2. They should possess strong faith in God. His promises are their sole dependence. Without habitual attention to the indications of his Providence, and much prayer for the illuminations of the Holy Spirit to accompany the study of the Scriptures, no man can be prepared to labor with comfort and success on pagan ground. What else can inspire the necessary humility? It is the highest honor conferred on mortal men, to be permitted to declare the unsearchable riches of Christ—an honor too high for the frailty of our nature to support, but for the awful responsibilities with which God has connected it, and the arduous duties it involves. How shall these responsibilities be felt, and these duties discharged, without a humble reliance on that grace, which is communicated only in answer to the prayers of strong faith. A great degree of boldness is often necessary in the missionary character; and though in many instances it is a native quality that requires only to be sanctified, yet in other instances scarcely a trace of it is to be found in the natural character, and as much of it as may be acquired, results from the confidence cherished in the promises of God.
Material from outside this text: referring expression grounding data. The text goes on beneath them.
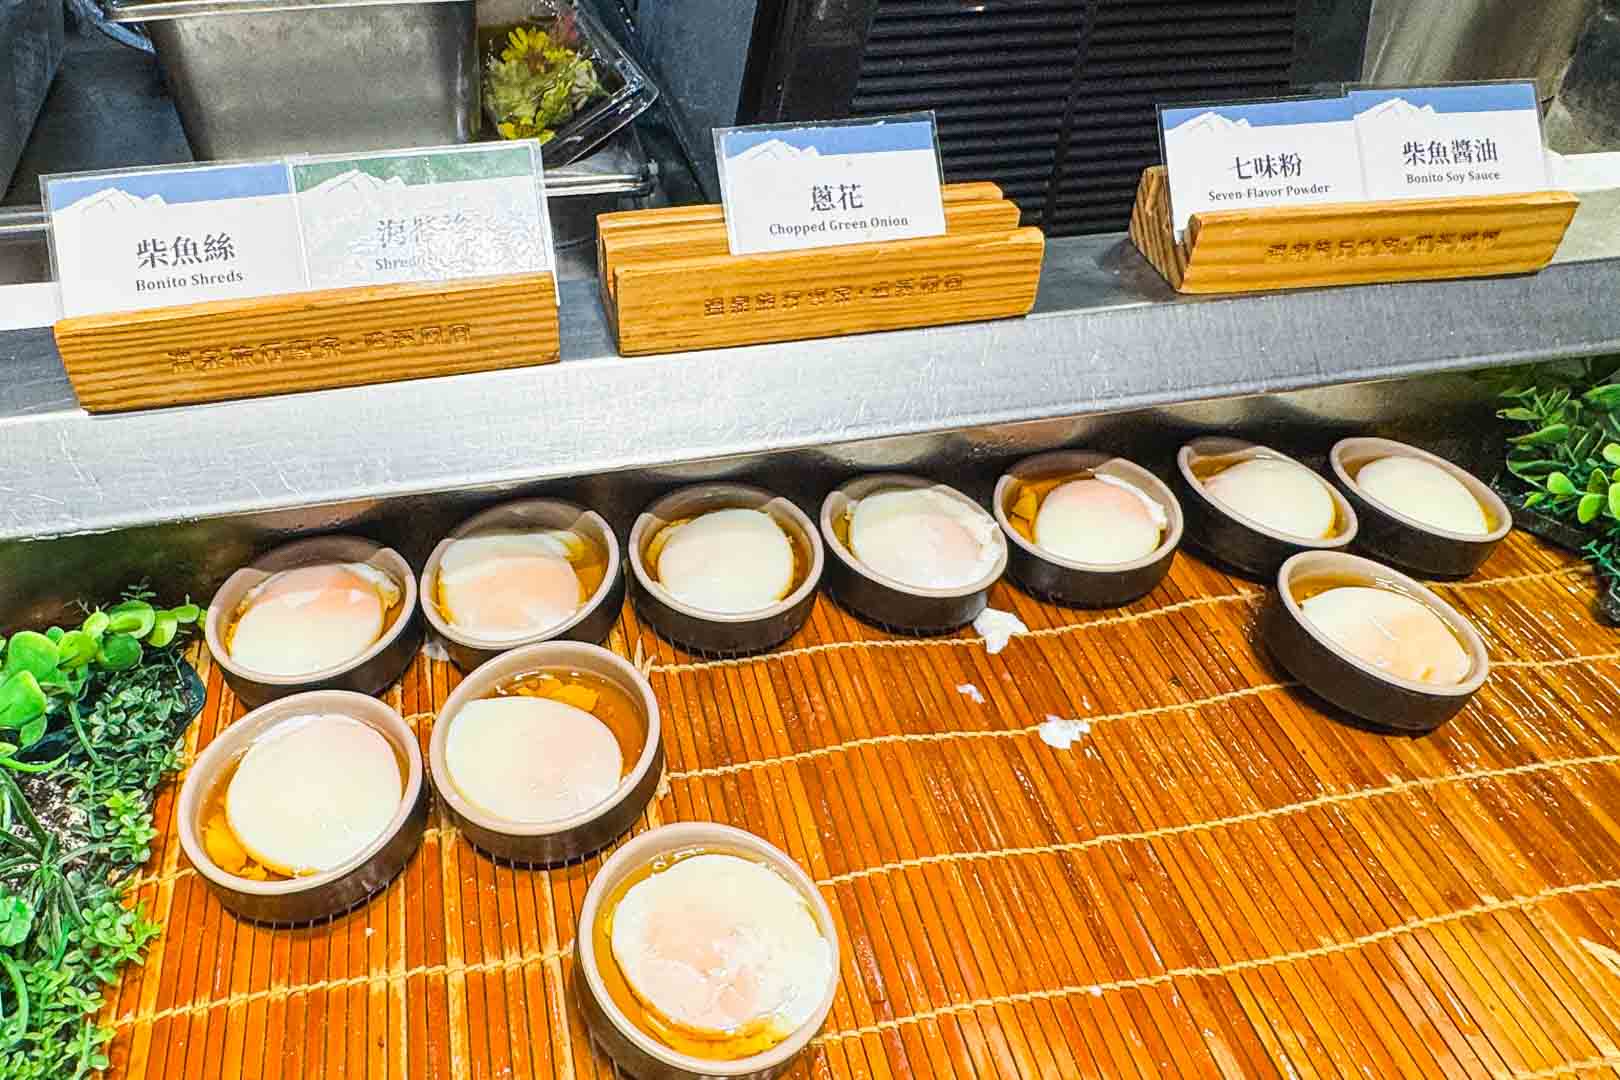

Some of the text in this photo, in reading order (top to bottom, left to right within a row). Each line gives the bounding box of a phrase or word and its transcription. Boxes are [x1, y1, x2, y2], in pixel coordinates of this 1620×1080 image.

[1402, 138, 1498, 165] 柴魚醬油
[1229, 152, 1302, 179] 七味粉
[1406, 169, 1500, 184] Bonito Soy Sauce
[1285, 182, 1329, 196] Powder
[769, 216, 909, 236] Chopped Green Onion
[136, 232, 236, 269] 柴魚絲
[136, 270, 244, 292] Bonito Shreds
When the missionary can say, "the Lord is my light and salvation; the strength of my life," he may also say, "of whom shall I be afraid?" "Though an host encamp against me, I will not fear, though war arise against me, in God will I be confident." Samuel dared to say unto Saul, "thou hast done wickedly." Nathan feared not to tell David, "thou art the man." Elijah knew that Ahab sought his life, but boldly declared to him, "thou hast sold thyself to work evil in the sight of the Lord;" and need I repeat to you the bold reproofs of John the Baptist to Herod—of Peter and John to the council, or of Paul and Barnabas to the contradicting and blaspheming Jews in Pesidia? But for their strong faith in God. these holy men had not ventured to reprove kings, nor dared the fury of an unprincipled and blood thirsty multitude.
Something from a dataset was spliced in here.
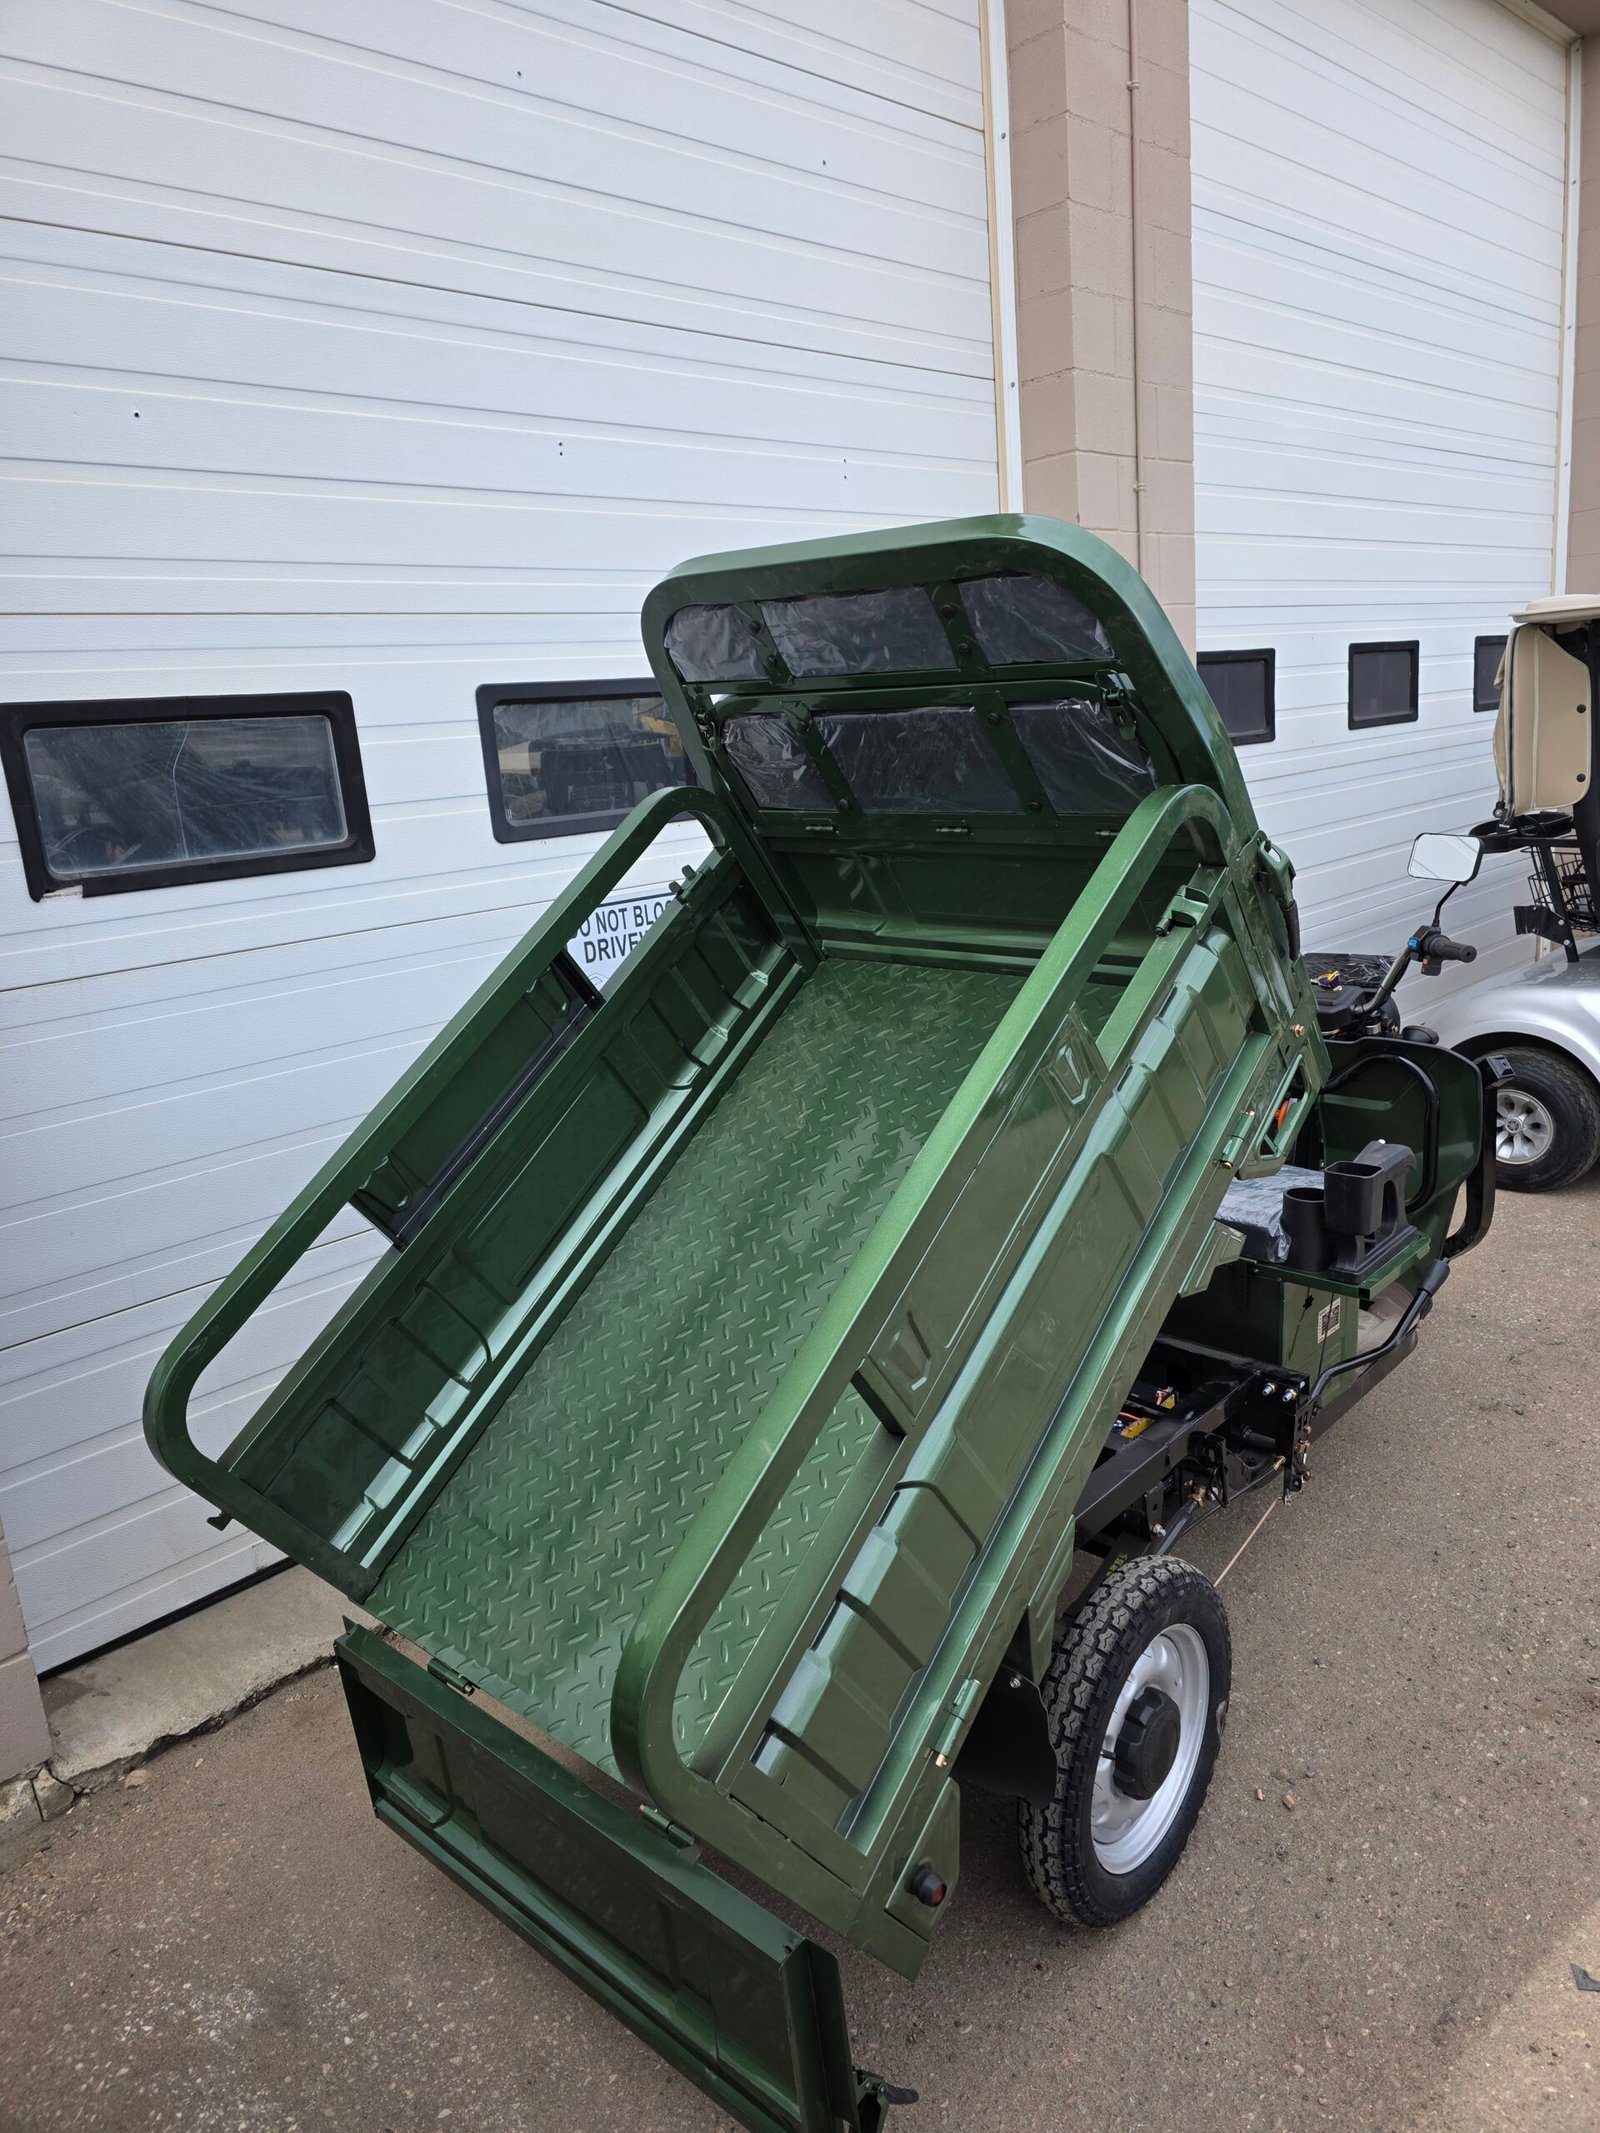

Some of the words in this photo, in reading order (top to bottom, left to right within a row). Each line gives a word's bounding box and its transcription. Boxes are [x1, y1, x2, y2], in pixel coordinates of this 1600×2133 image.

[595, 907, 628, 934] NOT
[633, 900, 671, 927] BLO
[583, 931, 646, 963] DRIVE
And what but confidence in God, unsubdued by difficulties or discouragements, could have carried forward the timid Brainerd through so many heartrending scenes of guilt and wretchedness as he was compelled to witness at Kaunaumeek and the Forks of the Delaware. Or, what but the firmest conviction of the gracious purposes of God toward the most forlorn of the human race, could have inspired the Mayhews or Elliot with resolution enough to break up the idolatrous and bloody feasts of the savages— to give them hytnns of praise to Jesus for their warsongs-—to brave the authority of the sachems, and the still more powerful influence of the powaws—to reduce their unwritten and uncouth language to form and rule, and then translate the Scriptures for their use. And what but the strongest faith in God could have armed the retiring Swartz with courage to enter the camp of the blood thirsty Hyder Ally, on an embassy that no other person dared to undertake—or with self denial and patience enough to go into the midst of the thieving tribes of collaries, where no traveller for ages had been safe—and having in his hand no other weapon but that of heavenly temper,—-the doctrine of "Christ and him crucified," compelling them to abandon their vices, cultivate their lands, and adopt the Bible as their code of laws? But, thousands of instances are on record, where a siugle missionary, putting his trust in the Lord, has fearlessly ventured into the heart of Satan's kingdom,—collected many precious trophies of grace, and returned in safety with his spoils to share the triumphs of Immanuel.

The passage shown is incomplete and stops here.